### Activity:
No pictures should be carried over. Output all other parts of the entries verbatim.

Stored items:
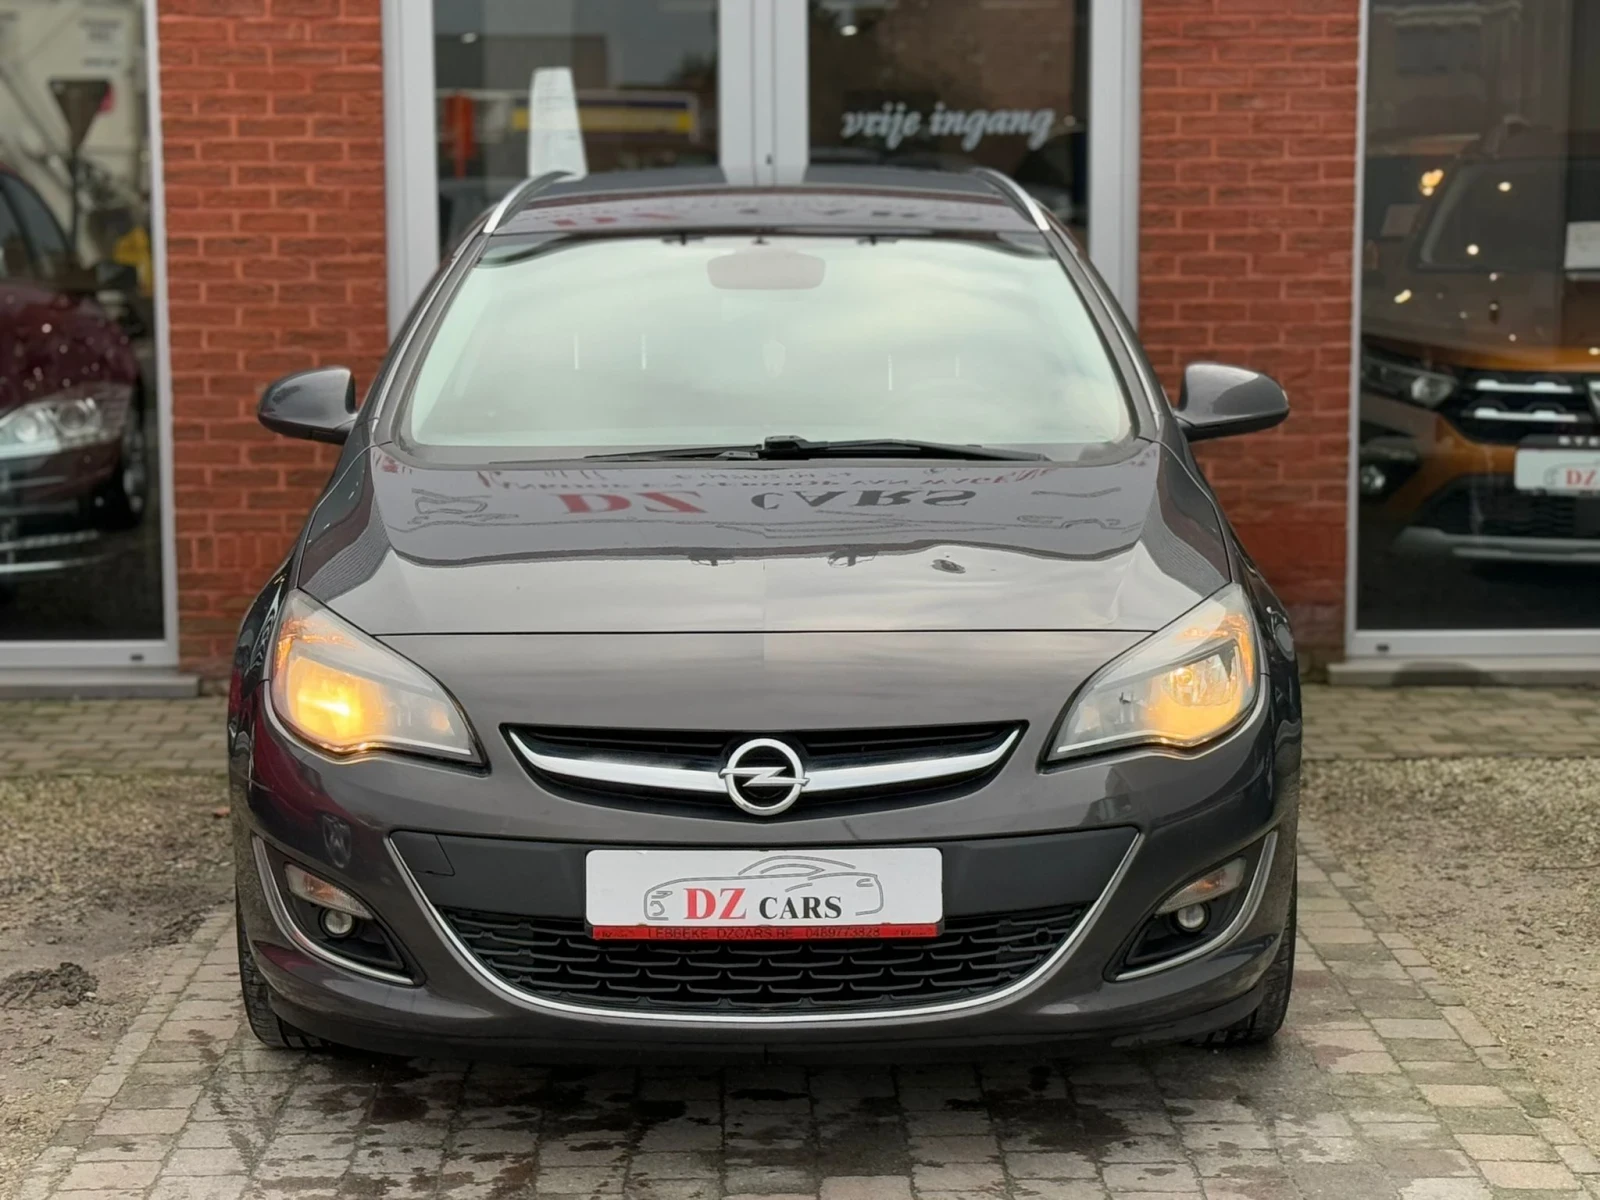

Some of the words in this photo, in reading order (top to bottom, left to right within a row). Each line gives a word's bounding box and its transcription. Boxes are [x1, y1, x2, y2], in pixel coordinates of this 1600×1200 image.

[841, 101, 921, 150] vrije
[929, 101, 1055, 150] ingang
[683, 887, 747, 920] DZ
[759, 896, 842, 920] CARS
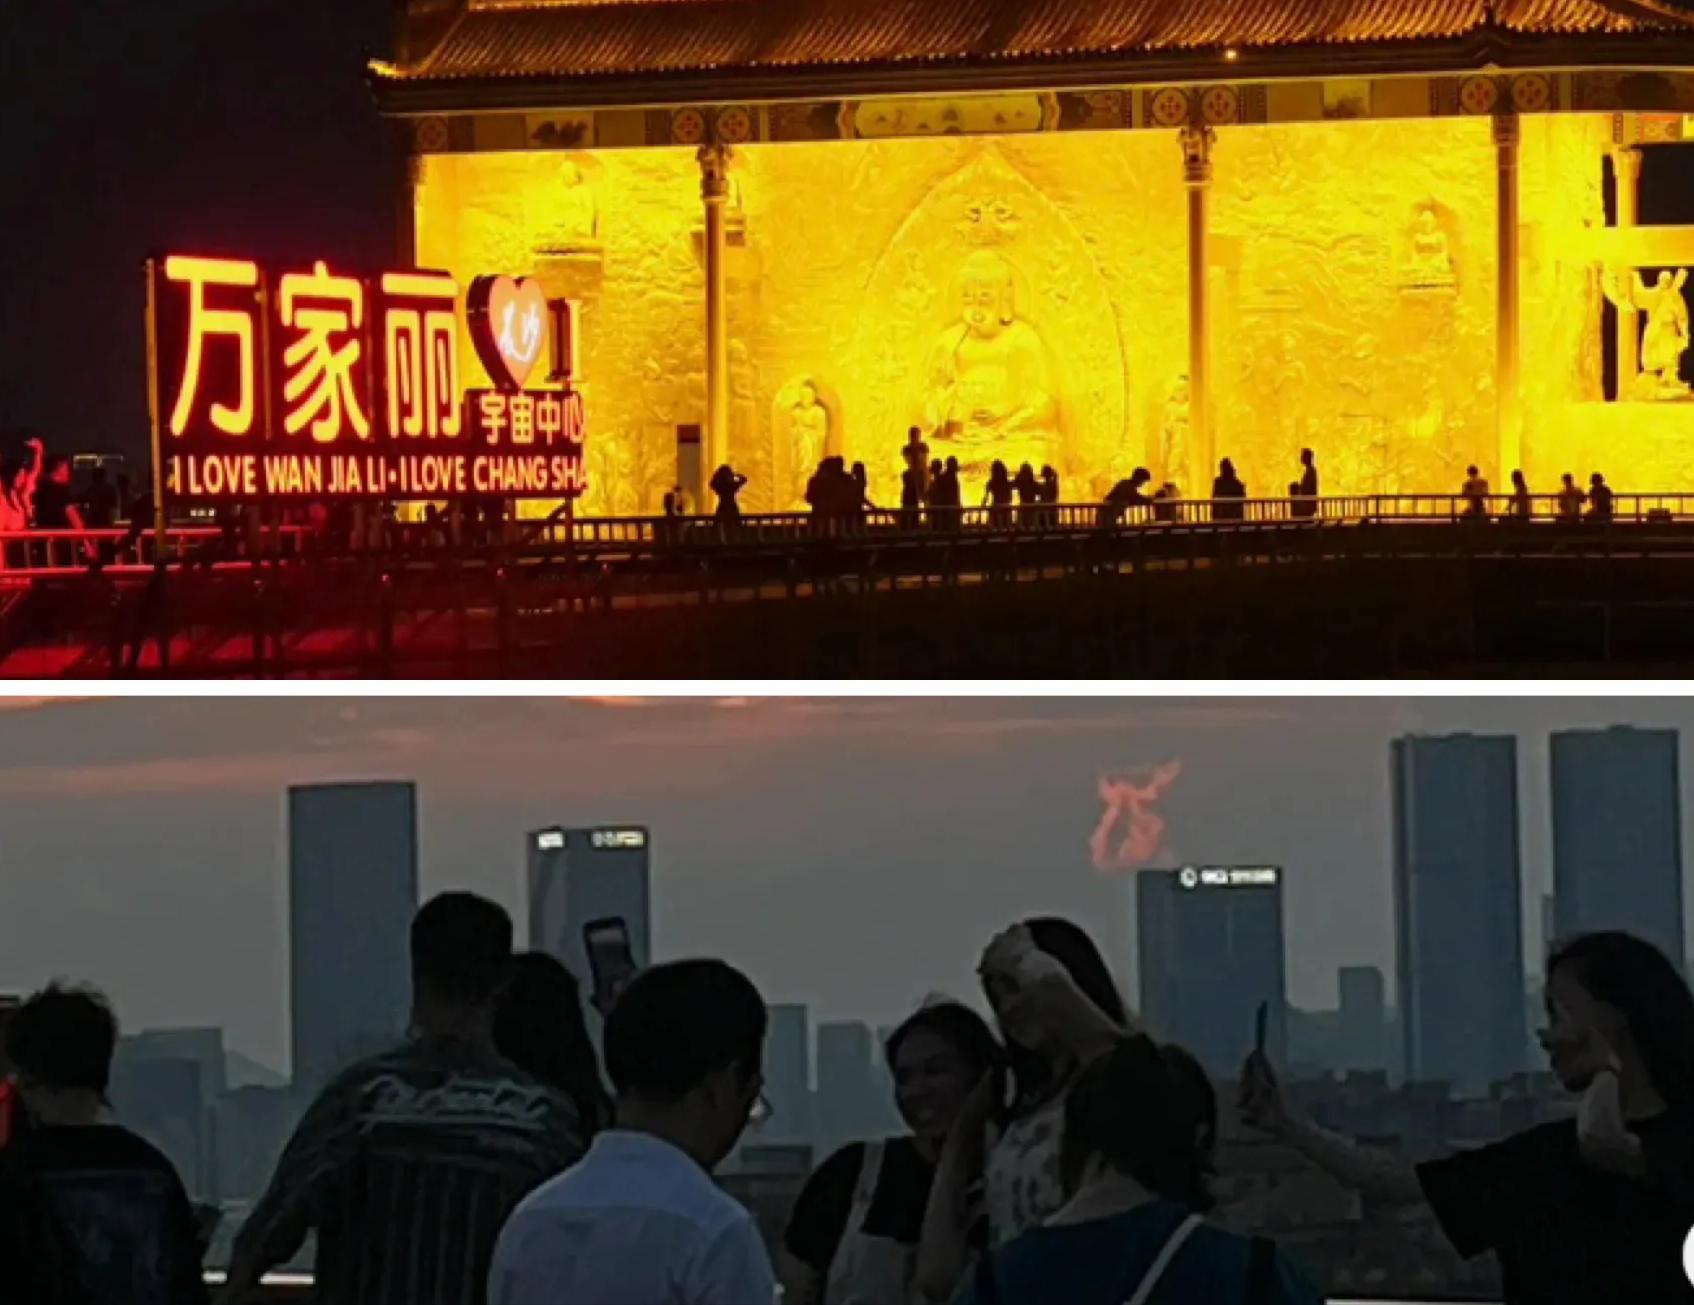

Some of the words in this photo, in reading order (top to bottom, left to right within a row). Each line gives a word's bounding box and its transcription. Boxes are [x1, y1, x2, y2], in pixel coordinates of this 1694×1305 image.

[166, 256, 462, 442] 万家丽
[481, 391, 584, 444] 宇宙中心
[187, 455, 257, 494] LOVE
[263, 455, 322, 494] WAN
[328, 455, 363, 493] JIA
[410, 455, 466, 492] LOVE
[473, 455, 548, 491] CHANG
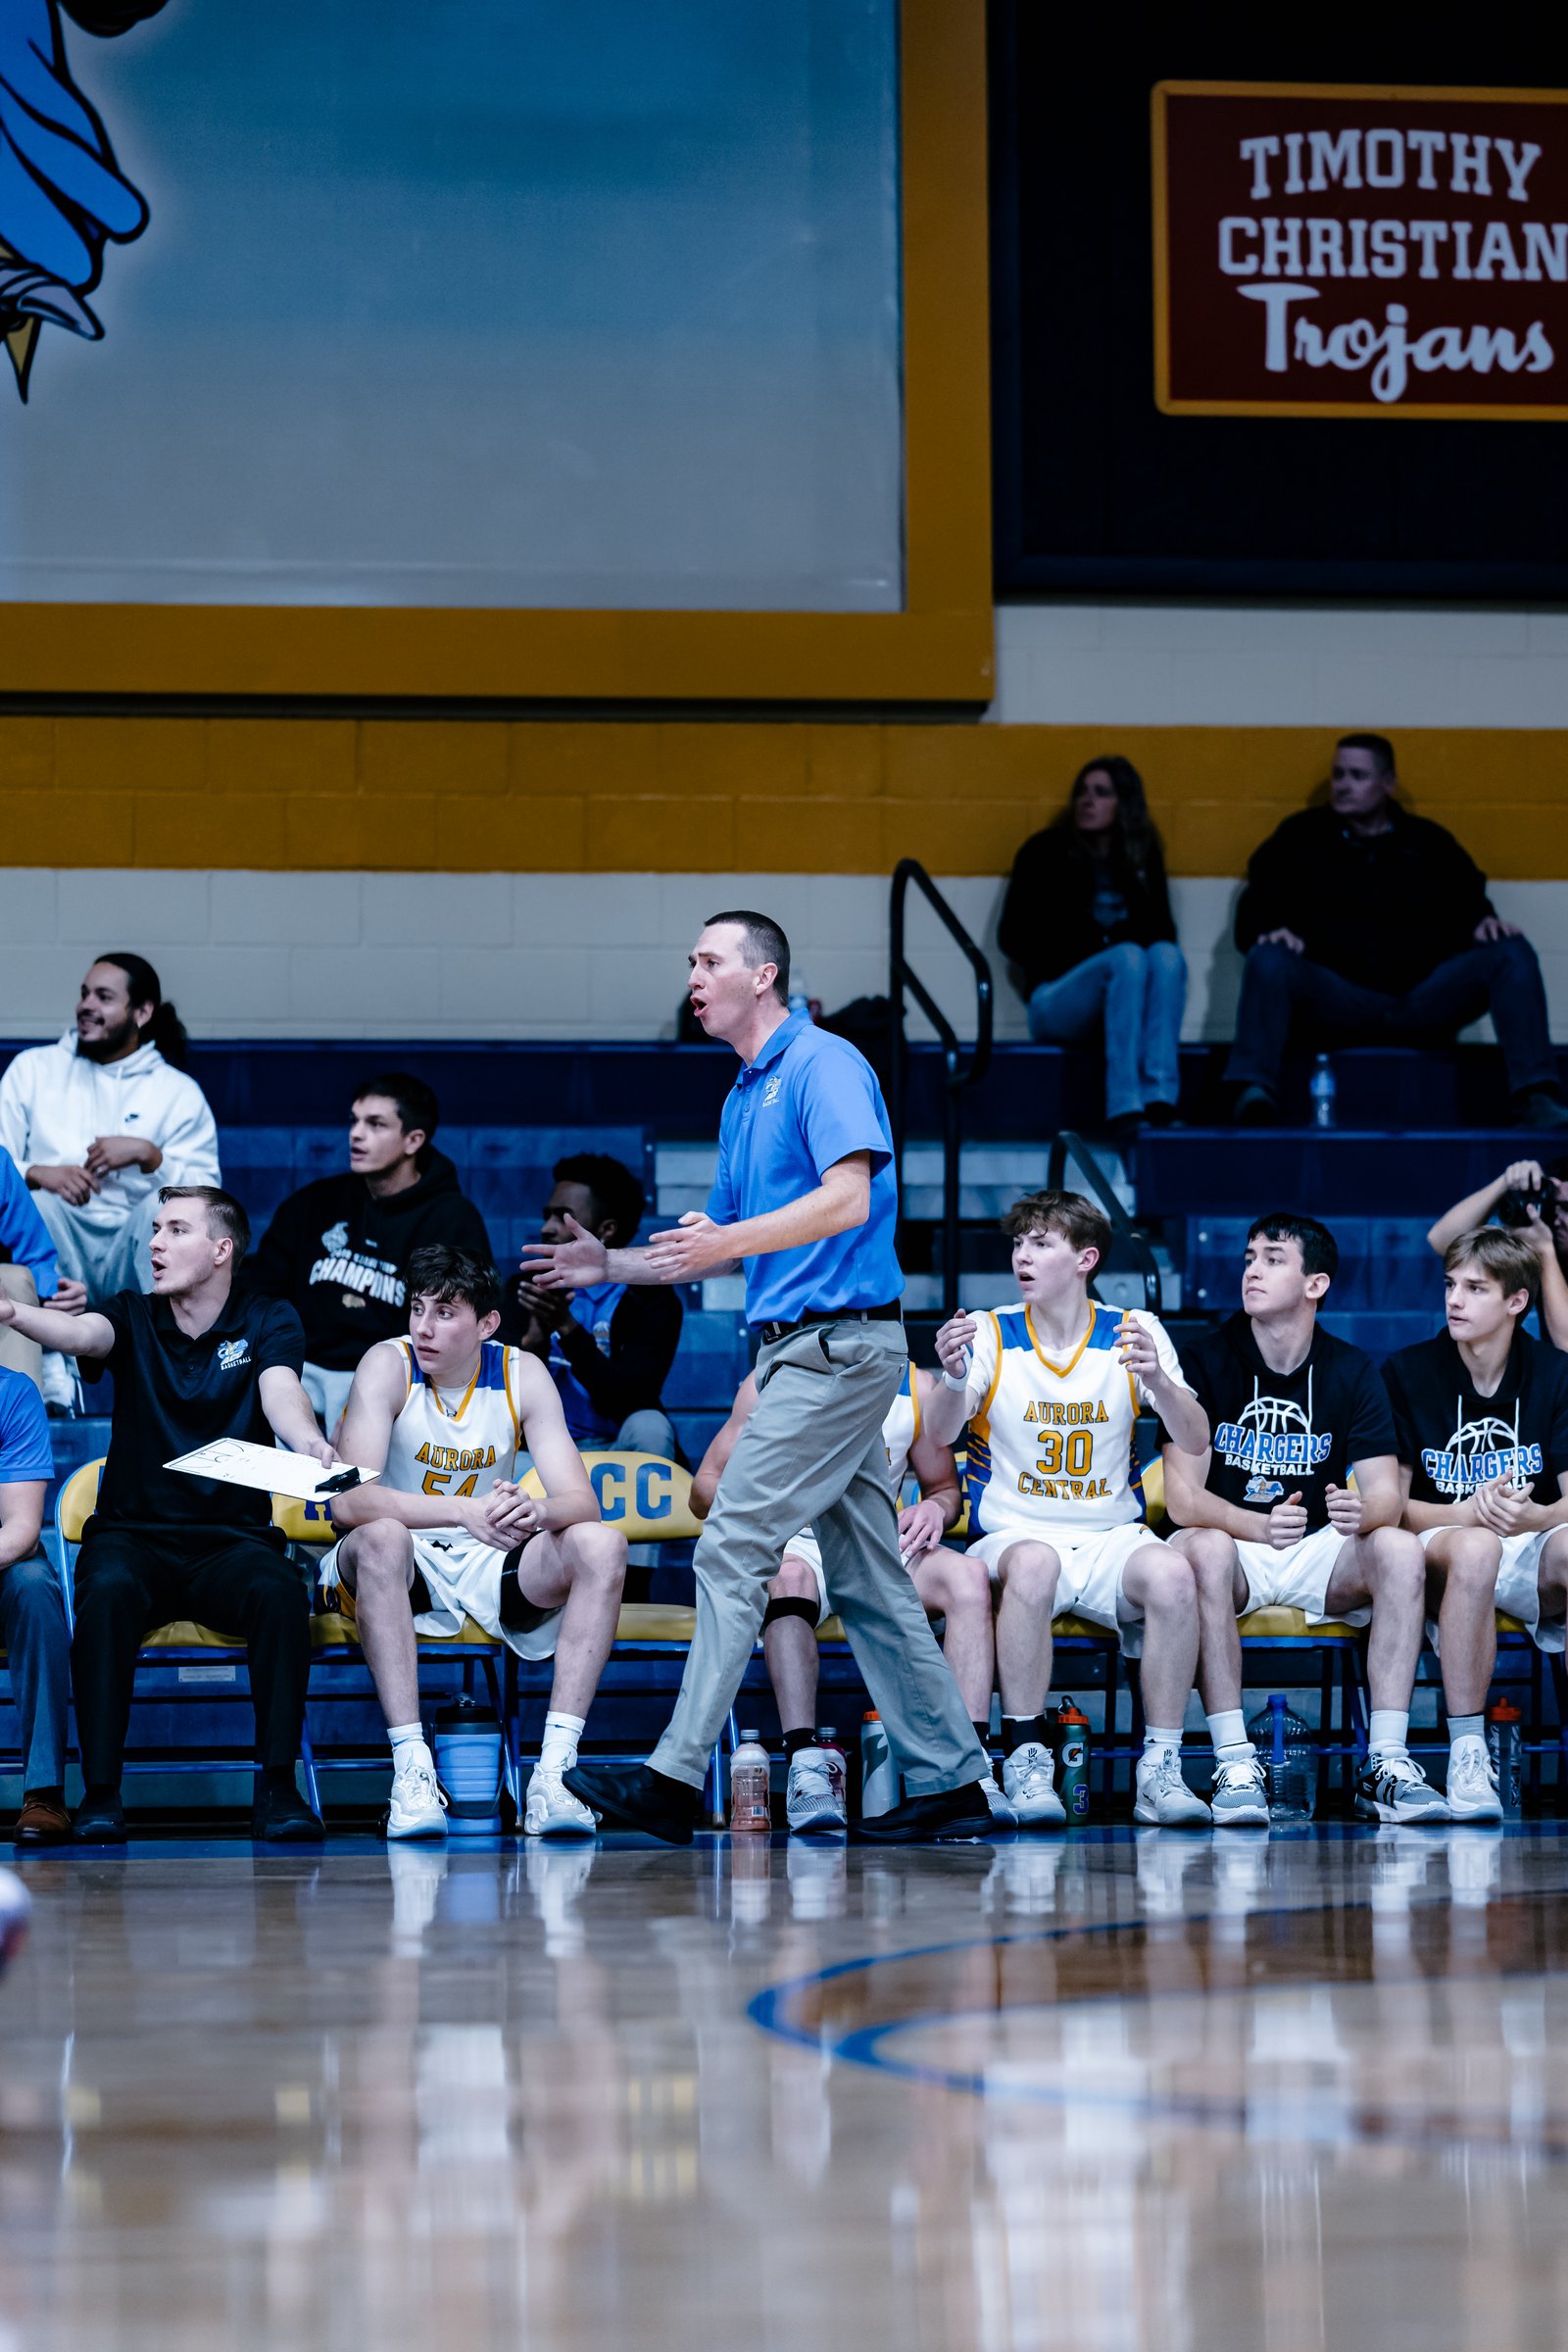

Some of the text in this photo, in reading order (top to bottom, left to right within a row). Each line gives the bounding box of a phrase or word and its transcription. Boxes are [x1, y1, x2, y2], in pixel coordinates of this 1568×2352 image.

[1240, 128, 1542, 202] TIMOTHY
[1218, 216, 1568, 281] CHRISTIAN
[1237, 282, 1554, 403] Trojans
[220, 1356, 252, 1371] BASKETBALL
[1023, 1399, 1108, 1425] AURORA
[415, 1442, 497, 1471] AURORA
[1036, 1430, 1093, 1477] 30
[1214, 1422, 1333, 1464] CHARGERS
[1225, 1454, 1314, 1476] BASKETBALL
[1421, 1443, 1544, 1484] CHARGERS
[590, 1462, 672, 1521] CC
[1018, 1471, 1112, 1500] CENTRAL
[1061, 1741, 1084, 1768] G
[1072, 1784, 1090, 1815] 3

### Response to this exercise:
Some of the words in this photo, in reading order (top to bottom, left to right within a row). Each line gives a word's bounding box and its transcription. Boxes are [x1, y1, x2, y2], in pixel coordinates of this 1600×1200 image.

[841, 101, 921, 150] vrije
[929, 101, 1055, 150] ingang
[683, 887, 747, 920] DZ
[759, 896, 842, 920] CARS

Some of the words in this photo, in reading order (top to bottom, left to right within a row). Each line gives a word's bounding box and its transcription. Boxes are [x1, y1, x2, y2], in pixel coordinates of this 1694×1305 image.

[166, 256, 462, 442] 万家丽
[481, 391, 584, 444] 宇宙中心
[187, 455, 257, 494] LOVE
[263, 455, 322, 494] WAN
[328, 455, 363, 493] JIA
[410, 455, 466, 492] LOVE
[473, 455, 548, 491] CHANG

Some of the text in this photo, in reading order (top to bottom, left to right within a row). Each line gives the bounding box of a phrase or word and its transcription. Boxes are [x1, y1, x2, y2], in pixel coordinates of this 1568×2352 image.

[1240, 128, 1542, 202] TIMOTHY
[1218, 216, 1568, 281] CHRISTIAN
[1237, 282, 1554, 403] Trojans
[220, 1356, 252, 1371] BASKETBALL
[1023, 1399, 1108, 1425] AURORA
[415, 1442, 497, 1471] AURORA
[1036, 1430, 1093, 1477] 30
[1214, 1422, 1333, 1464] CHARGERS
[1225, 1454, 1314, 1476] BASKETBALL
[1421, 1443, 1544, 1484] CHARGERS
[590, 1462, 672, 1521] CC
[1018, 1471, 1112, 1500] CENTRAL
[1061, 1741, 1084, 1768] G
[1072, 1784, 1090, 1815] 3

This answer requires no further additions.